Google Collaboratory: Your PitStop

Are you starting on your deep learning journey and things are processing slow!! Or you are already on one and don’t want to buy costly computers for your deep learning endeavors or the cloud computation resources like AWS ,Azure or GCP seems too complicated? Well, Google’s collaboratory is pretty easy and handy tool which will get you started right away!!

So what is Google’s Collaboratory?

It is a free cloud based service by Google for developers to experiment with their snippets of python codes. It is a Jupyter notebook type interface which you can use just as your standard python compiler but with more features. Also on top of that it provides you a free Tesla K80 GPU for a run-time of 12hours and after that you only have to re-connect with the service again with a single click!! So in short, unless you have a huge task which would take huge resources and time, you can use Google collab for a faster runtime.

Getting Started

Head to your google drive-> click on “New(+)” sign -> click on “More” -> click on “Connect more apps”-> search “collaboratory” and add it. (One time process) You can create a new notebook(compiler) by-> click on “New(+)” sign -> click on “more” -> click on “collaboratory”.

(It will be present once you successfully added it in previous step).

Adding free GPU

On the notebook interface-> click “Edit”-> click “Notebook Settings”-> select “GPU” as “Hardware Accelerator”.

In the notebook interface you can write your python codes in each cell(blocks) and hit Shift+Enter to run that cell individually. Unlike your standard python compiler, the execution of your script will not necessarily be top-down. The execution order will be mentioned as a number on the side of each cell.

For more info. on why to use GPU check- https://www.analyticsvidhya.com/blog/2017/05/gpus-necessary-for-deep-learning/

Adding Data and Dependencies

For your Machine Learning projects, you will need data and dependencies(libraries).

For installing any libraries just run this in any cell with the library name as each cell also act as a bash interpreter-

!pip install numpy

For getting your data to work with, if you have it on any server with a direct download link you can run-

!wget — no-check-certificate https://your_download_link

Remember this download is done by Google servers, so it will not be dependent on your internet speed. So it is a faster method then uploading your data to use. Try to get a download link.
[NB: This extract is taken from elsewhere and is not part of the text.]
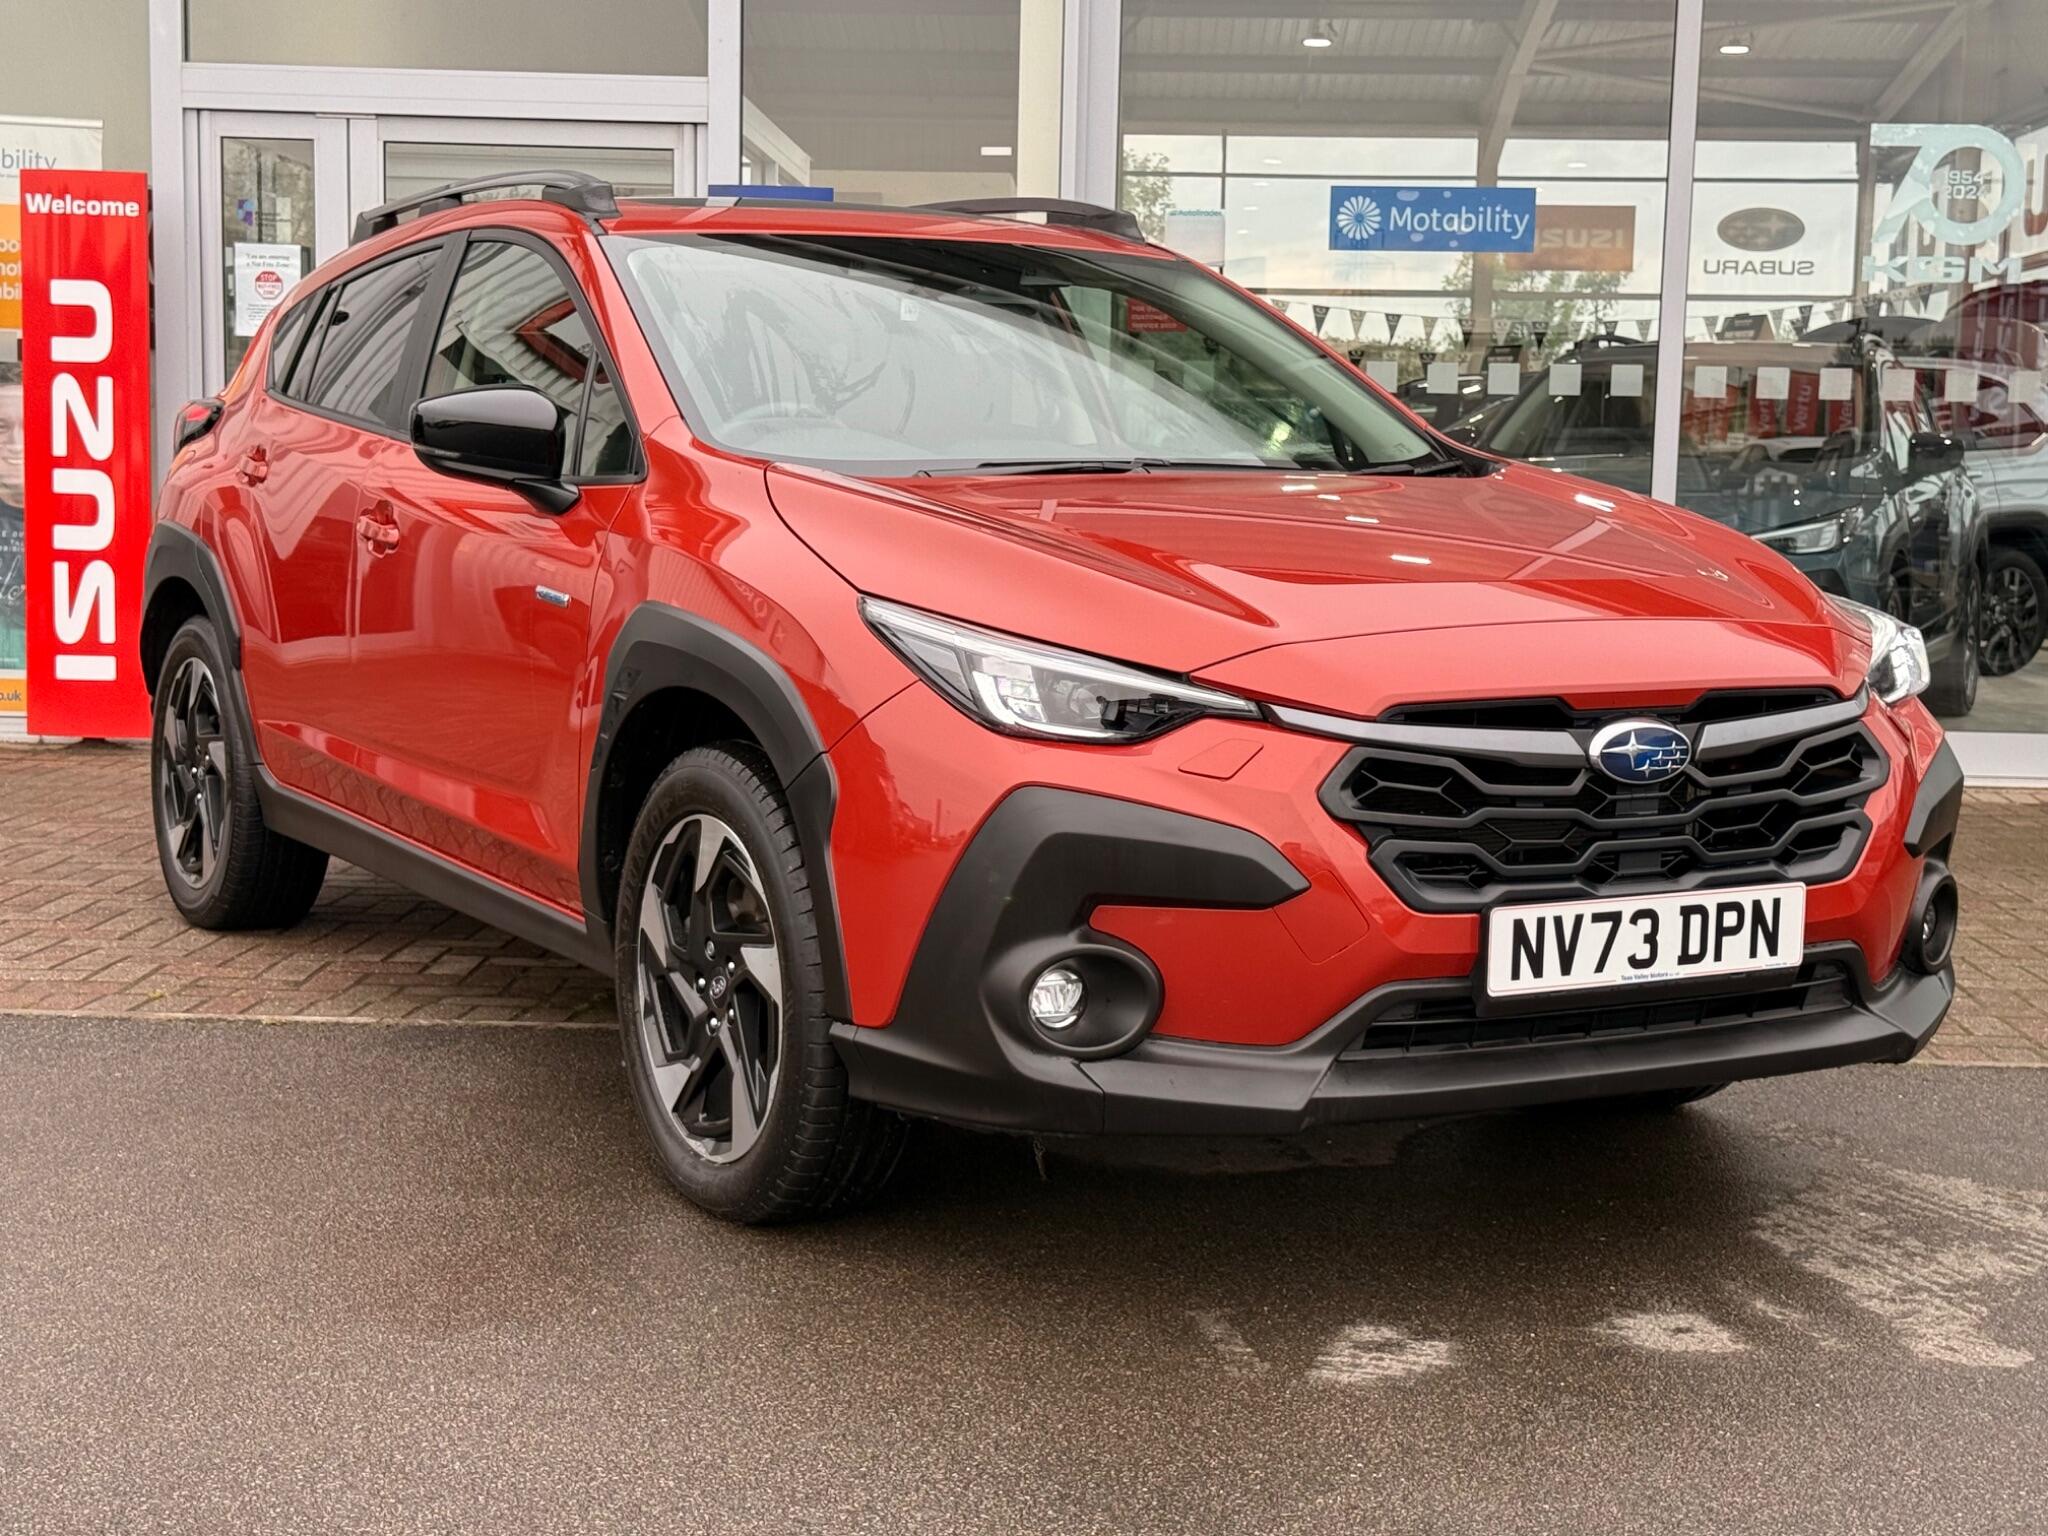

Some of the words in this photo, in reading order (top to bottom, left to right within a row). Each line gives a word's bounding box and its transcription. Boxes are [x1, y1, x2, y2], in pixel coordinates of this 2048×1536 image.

If you want to use your Google drive for getting data you need to link your google drive to collaboratory every time you open a notebook. Simply run this and follow the given instruction-

!apt-get install -y -qq software-properties-common python-software-properties module-init-tools
!add-apt-repository -y ppa:alessandro-strada/ppa 2>&1 > /dev/null
!apt-get update -qq 2>&1 > /dev/null
!apt-get -y install -qq google-drive-ocamlfuse fuse

from google.colab import auth
auth.authenticate_user()
from oauth2client.client import GoogleCredentials
creds = GoogleCredentials.get_application_default()

import getpass
!google-drive-ocamlfuse -headless -id={creds.client_id} -secret={creds.client_secret} < /dev/null 2>&1 | grep URL
vcode = getpass.getpass()
!echo {vcode} | google-drive-ocamlfuse -headless -id={creds.client_id} -secret={creds.client_secret}

!mkdir gdrive
!google-drive-ocamlfuse gdrive
!ls gdrive

Now you can use your bash commands like- ls , cd, unzip , makedir etc. to navigate further into your gdrive. Also if you want your downloaded data to be stored into your gdrive perform these steps before wget step.

Some useful Hacks

Cloning Github repo

!git clone https://github.com/wxs/keras-mnist-tutorial.git

Check GPU alloted status

import tensorflow as tf
tf.test.gpu_device_name()

Check RAM and CPU status

!cat /proc/meminfo

!cat /proc/cpuinfo

Change working directory

!ls

Conclusion

It’s a great tool and in the early days I found myself using it very often, but I encourage others to explore AWS, GCP and Microsoft Azure also, as they will surely give you exposure to many of their awesome services and accelerate your data scientist track. If you are a student check https://education.github.com/pack for getting free student credits for some paid services.